- _TRY IT_:
Each line below must be reproduced exactly, though the pictures are to be dropped.

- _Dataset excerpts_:
--*--

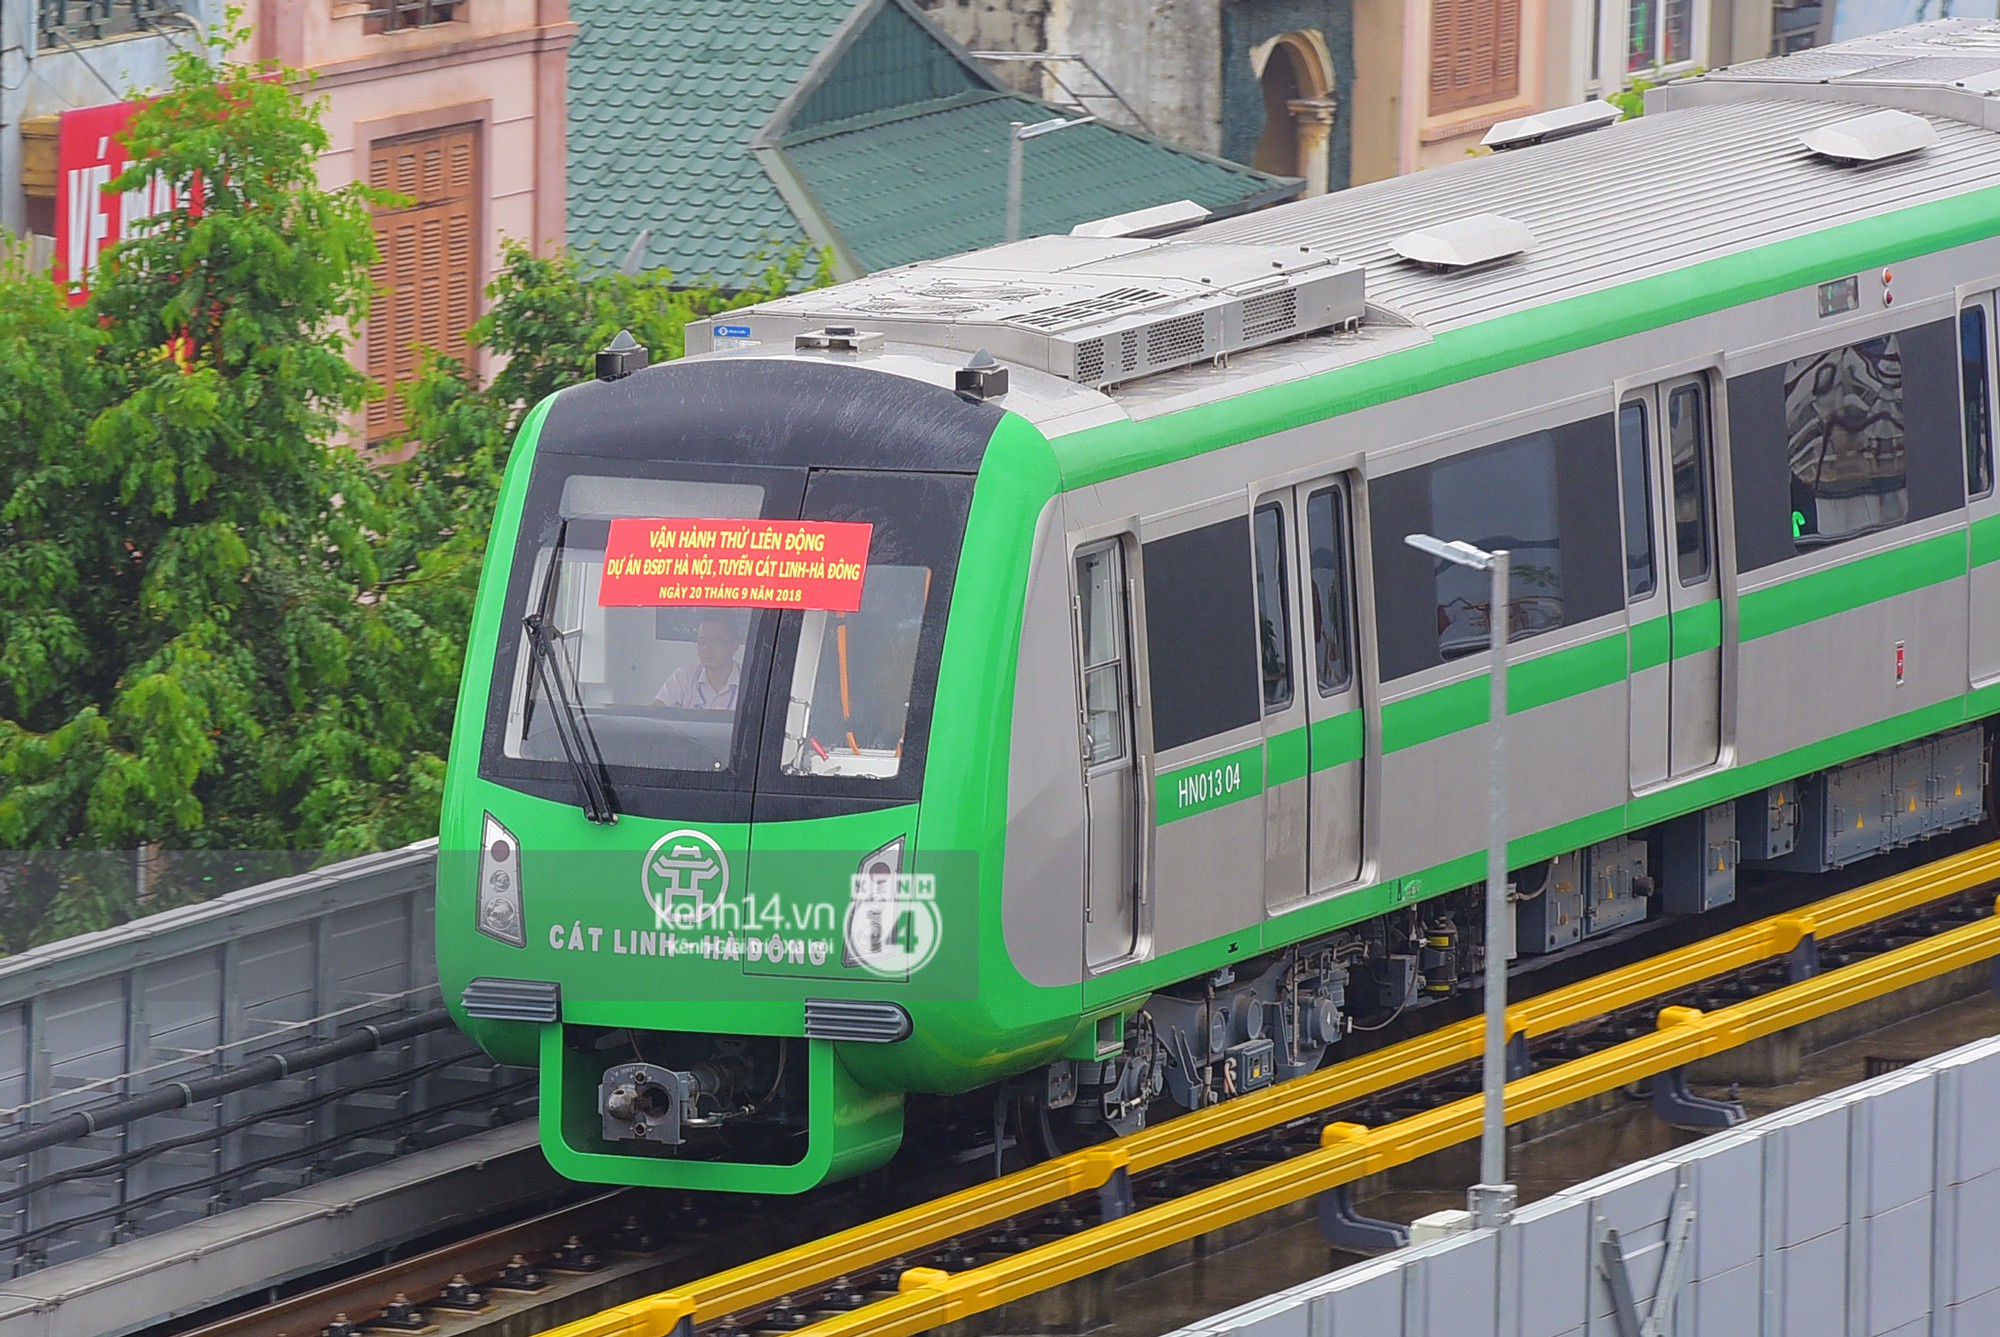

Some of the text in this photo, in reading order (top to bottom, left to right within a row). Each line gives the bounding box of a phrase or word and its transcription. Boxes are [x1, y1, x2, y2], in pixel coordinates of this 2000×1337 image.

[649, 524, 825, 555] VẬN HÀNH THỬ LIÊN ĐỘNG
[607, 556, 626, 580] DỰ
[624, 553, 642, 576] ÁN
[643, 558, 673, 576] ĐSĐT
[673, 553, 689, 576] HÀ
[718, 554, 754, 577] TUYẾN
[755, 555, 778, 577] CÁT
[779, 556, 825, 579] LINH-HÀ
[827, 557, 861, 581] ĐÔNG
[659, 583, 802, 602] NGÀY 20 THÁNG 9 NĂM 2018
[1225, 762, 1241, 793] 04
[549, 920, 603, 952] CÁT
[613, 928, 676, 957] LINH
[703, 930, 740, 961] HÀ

--*--

- _RESULT FOR THIS TASK_:
Some of the text in this photo, in reading order (top to bottom, left to right within a row). Each line gives the bounding box of a phrase or word and its transcription. Boxes are [x1, y1, x2, y2], in pixel coordinates of this 2000×1337 image.

[649, 524, 825, 555] VẬN HÀNH THỬ LIÊN ĐỘNG
[607, 556, 626, 580] DỰ
[624, 553, 642, 576] ÁN
[643, 558, 673, 576] ĐSĐT
[673, 553, 689, 576] HÀ
[718, 554, 754, 577] TUYẾN
[755, 555, 778, 577] CÁT
[779, 556, 825, 579] LINH-HÀ
[827, 557, 861, 581] ĐÔNG
[659, 583, 802, 602] NGÀY 20 THÁNG 9 NĂM 2018
[1225, 762, 1241, 793] 04
[549, 920, 603, 952] CÁT
[613, 928, 676, 957] LINH
[703, 930, 740, 961] HÀ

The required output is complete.